*RECORDS SUPPLIED:*
____________________

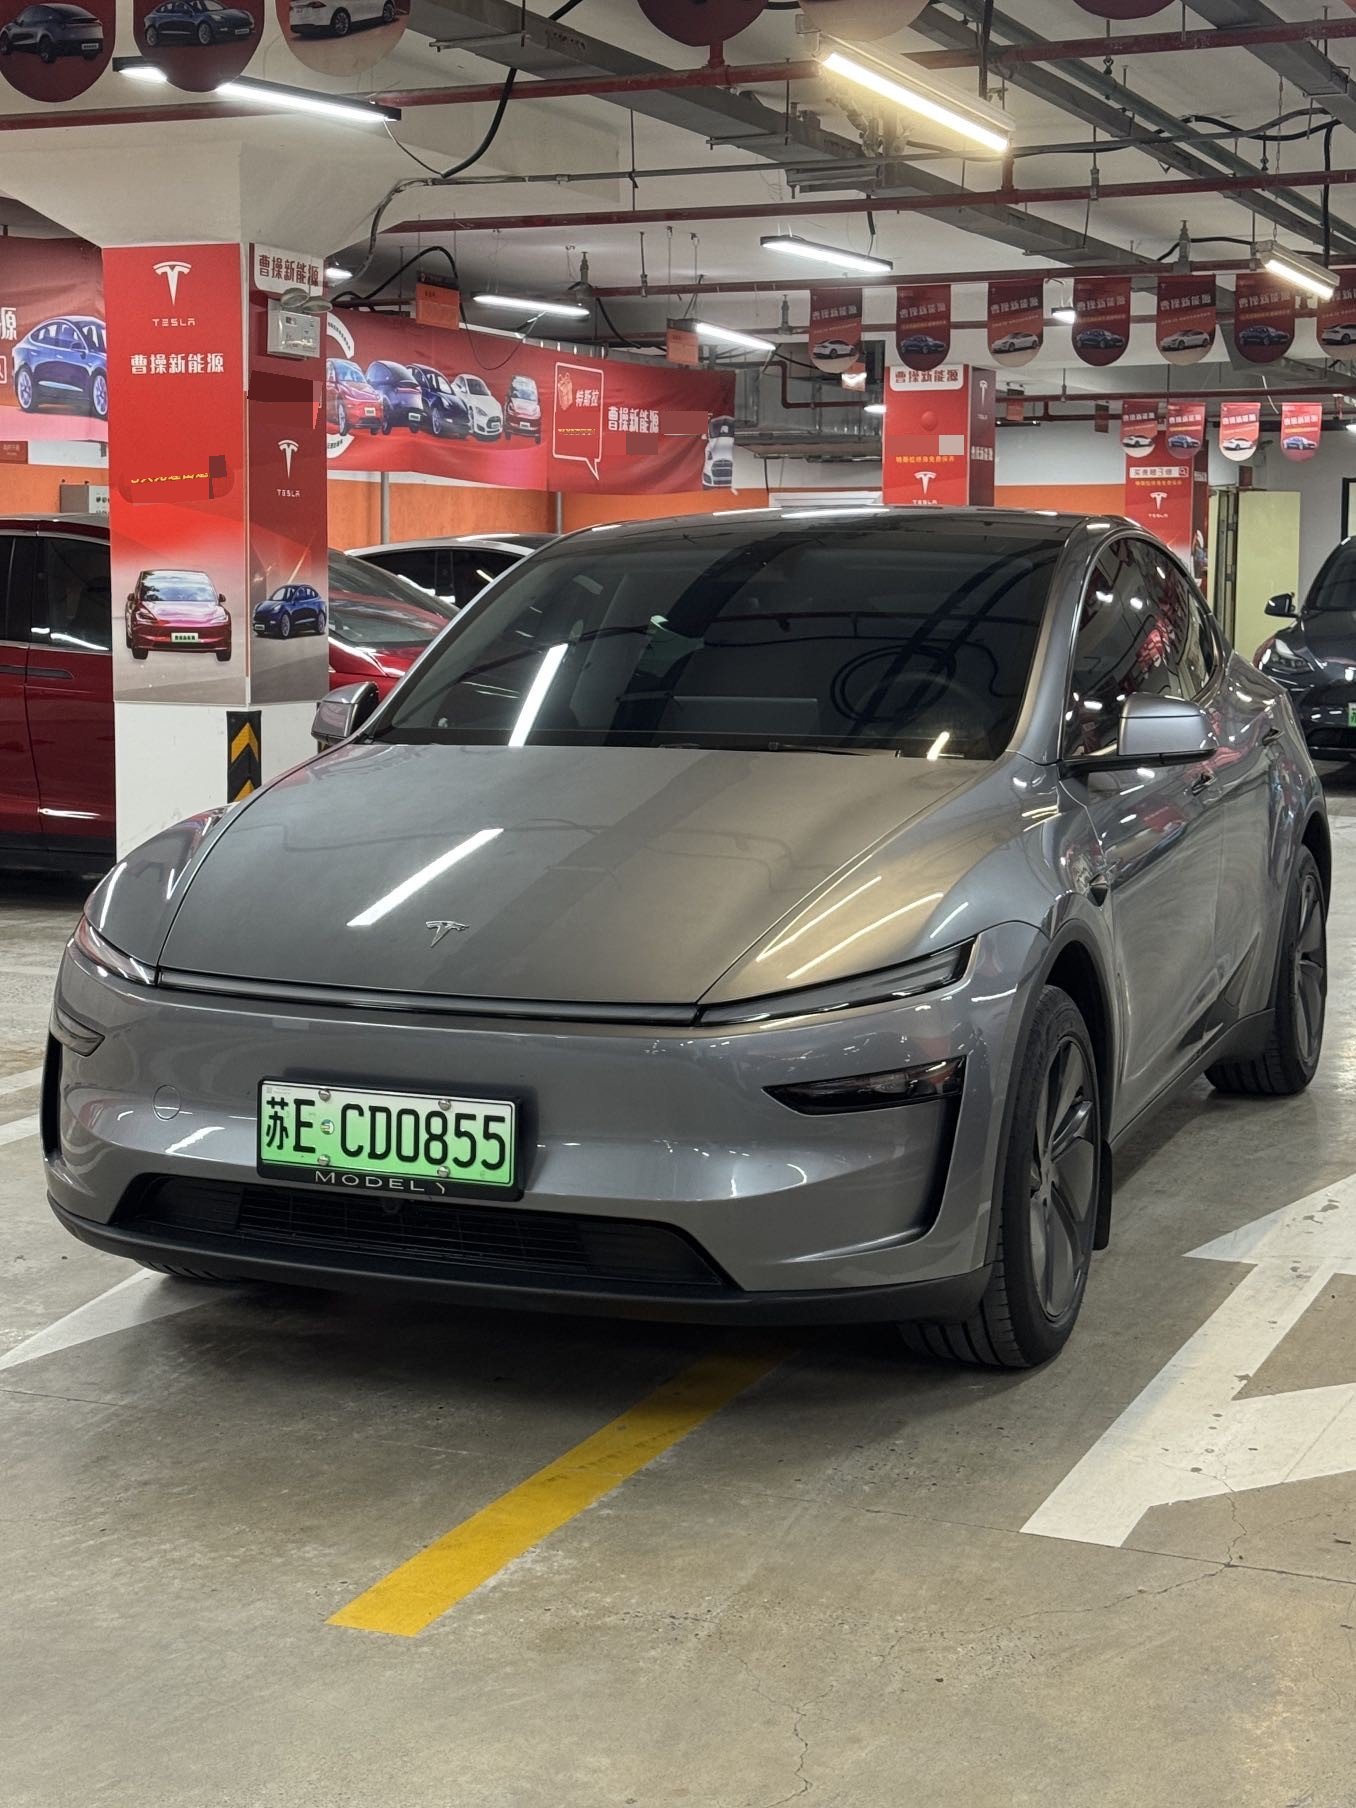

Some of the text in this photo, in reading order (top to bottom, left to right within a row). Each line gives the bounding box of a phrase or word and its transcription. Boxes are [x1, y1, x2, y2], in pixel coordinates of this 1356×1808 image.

[258, 254, 319, 287] 曹操新能源
[152, 318, 196, 327] TESLA
[130, 353, 225, 375] 曹操新能源
[575, 389, 600, 407] 特斯拉
[607, 405, 660, 434] 曹操新能源
[315, 1170, 425, 1192] MODEL
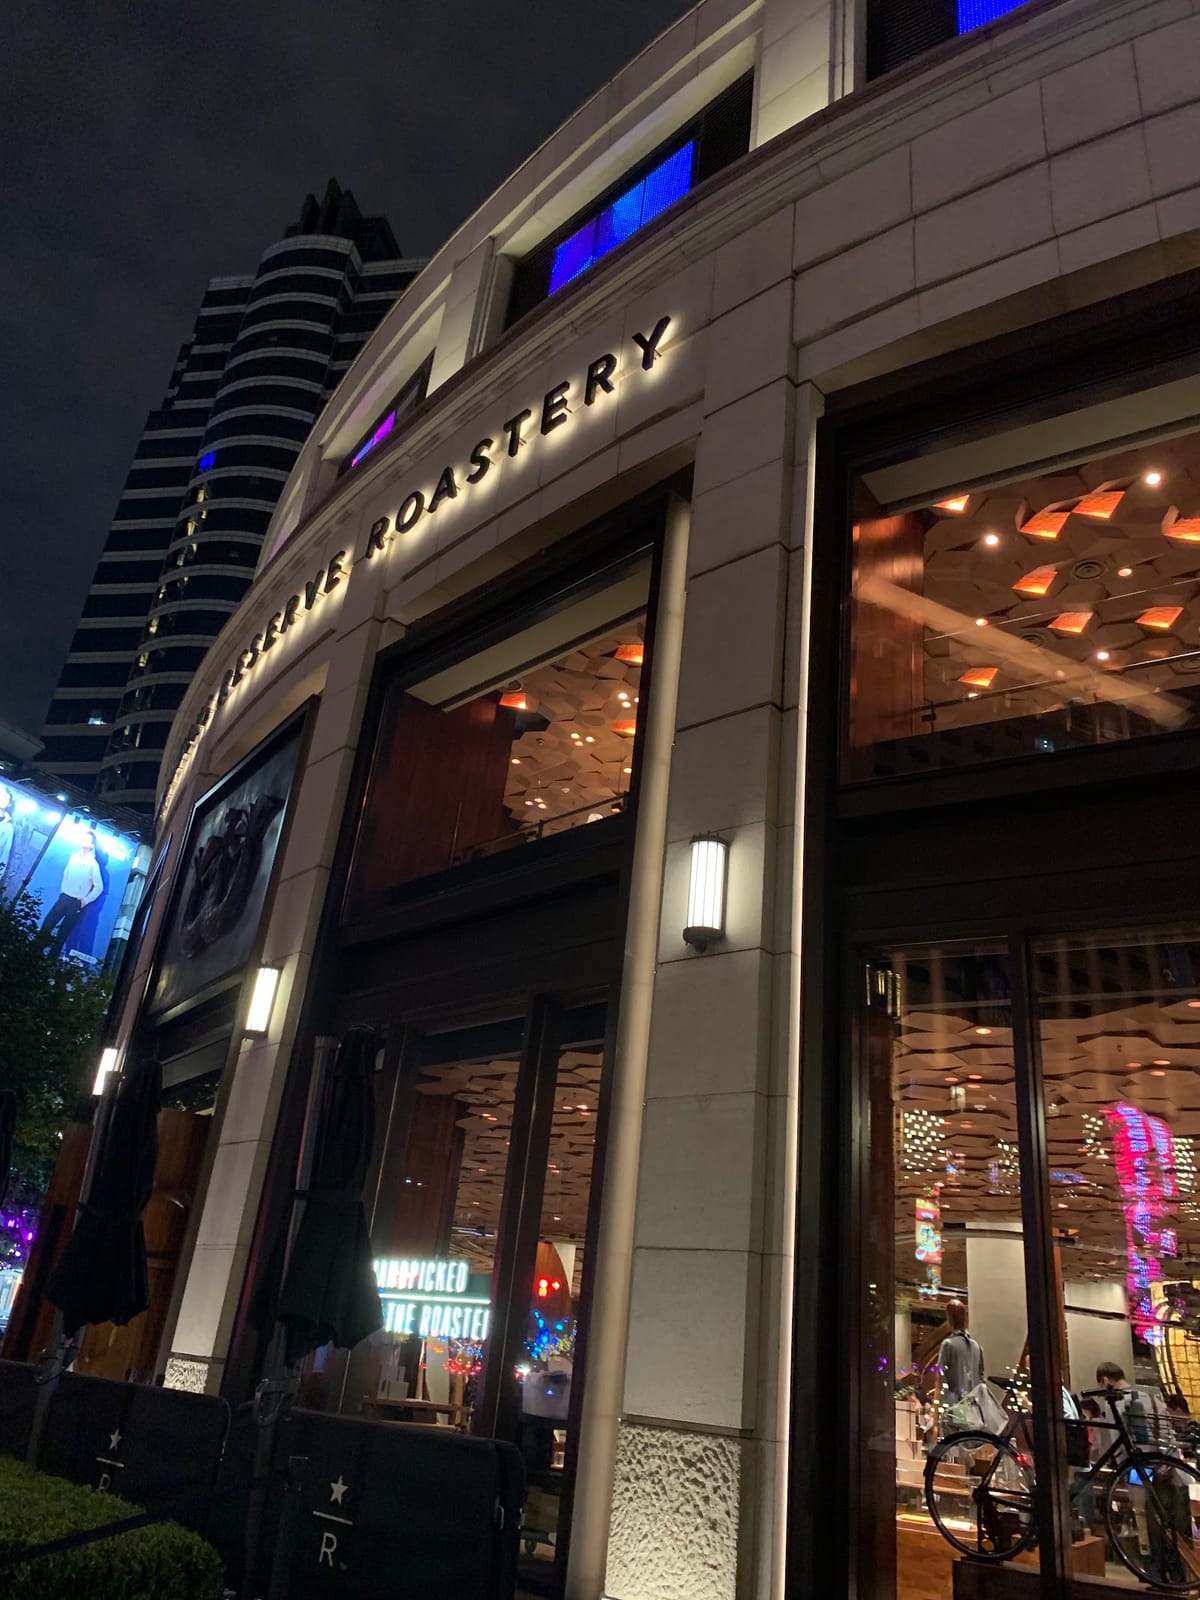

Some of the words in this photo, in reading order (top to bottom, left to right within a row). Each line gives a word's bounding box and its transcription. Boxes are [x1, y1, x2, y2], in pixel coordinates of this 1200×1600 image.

[214, 550, 345, 711] RESERVE
[366, 316, 671, 559] ROASTERY
[373, 1259, 468, 1292] ANDPICKED
[385, 1302, 416, 1335] THE

____________________

*WORK TO COMPLETE:* Nothing but the lines from the one containing "Some of the words" to the end of the records above should appear, each copied exactly.

*YOUR SOLUTION:*
Some of the words in this photo, in reading order (top to bottom, left to right within a row). Each line gives a word's bounding box and its transcription. Boxes are [x1, y1, x2, y2], in pixel coordinates of this 1200×1600 image.

[214, 550, 345, 711] RESERVE
[366, 316, 671, 559] ROASTERY
[373, 1259, 468, 1292] ANDPICKED
[385, 1302, 416, 1335] THE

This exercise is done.